WHAT IS BEING ASKED: Repeat all the lines below exactly, but omit the pictures.

Start of Block

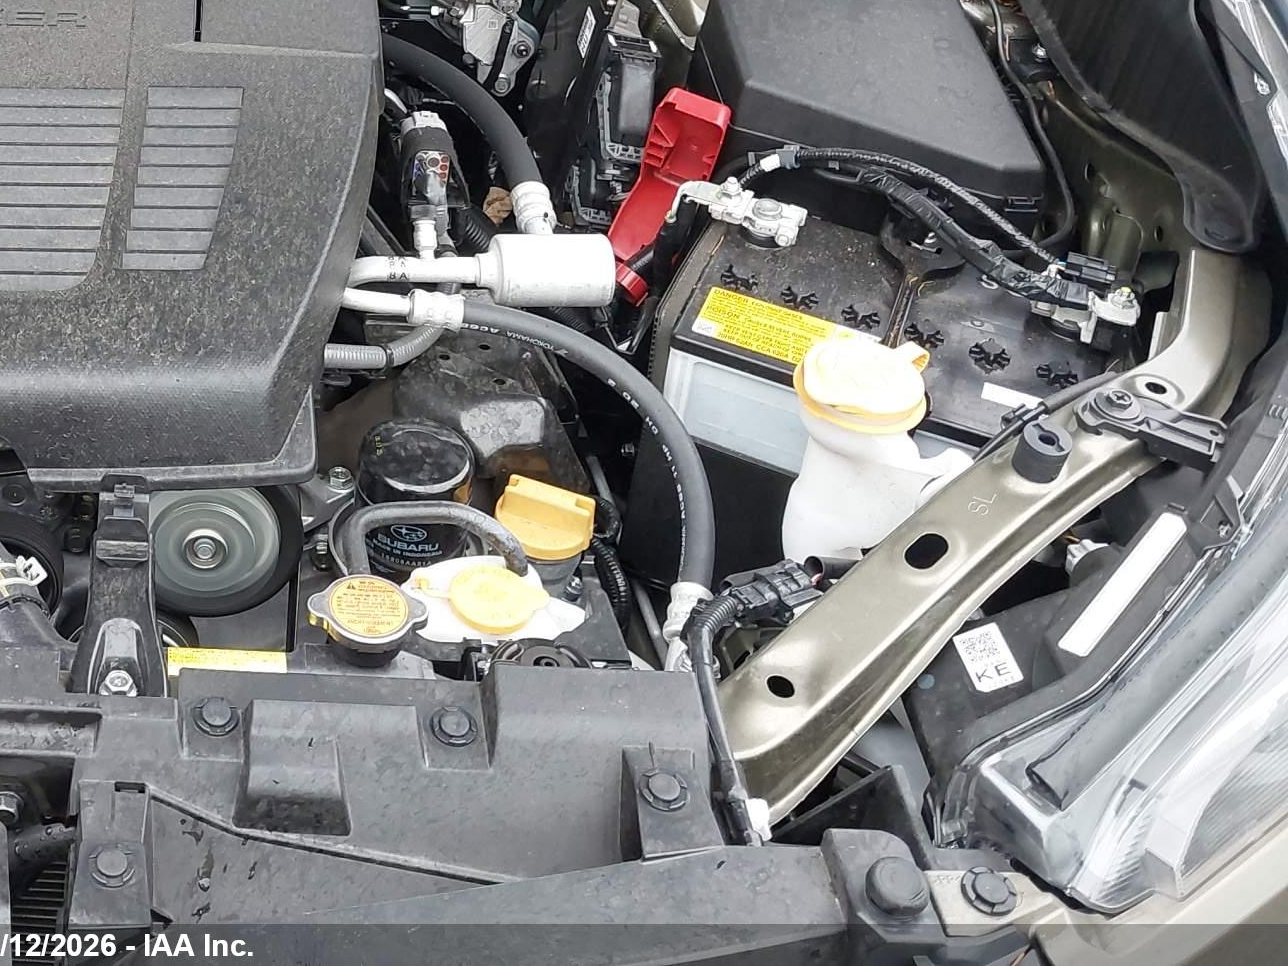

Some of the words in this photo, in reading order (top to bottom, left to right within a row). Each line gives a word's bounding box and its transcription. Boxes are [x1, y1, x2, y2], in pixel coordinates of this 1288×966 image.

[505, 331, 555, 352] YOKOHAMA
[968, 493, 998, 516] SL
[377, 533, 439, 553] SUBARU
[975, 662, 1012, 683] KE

End of Block

REPLY TO THE EXERCISE:
Some of the words in this photo, in reading order (top to bottom, left to right within a row). Each line gives a word's bounding box and its transcription. Boxes are [x1, y1, x2, y2], in pixel coordinates of this 1288×966 image.

[505, 331, 555, 352] YOKOHAMA
[968, 493, 998, 516] SL
[377, 533, 439, 553] SUBARU
[975, 662, 1012, 683] KE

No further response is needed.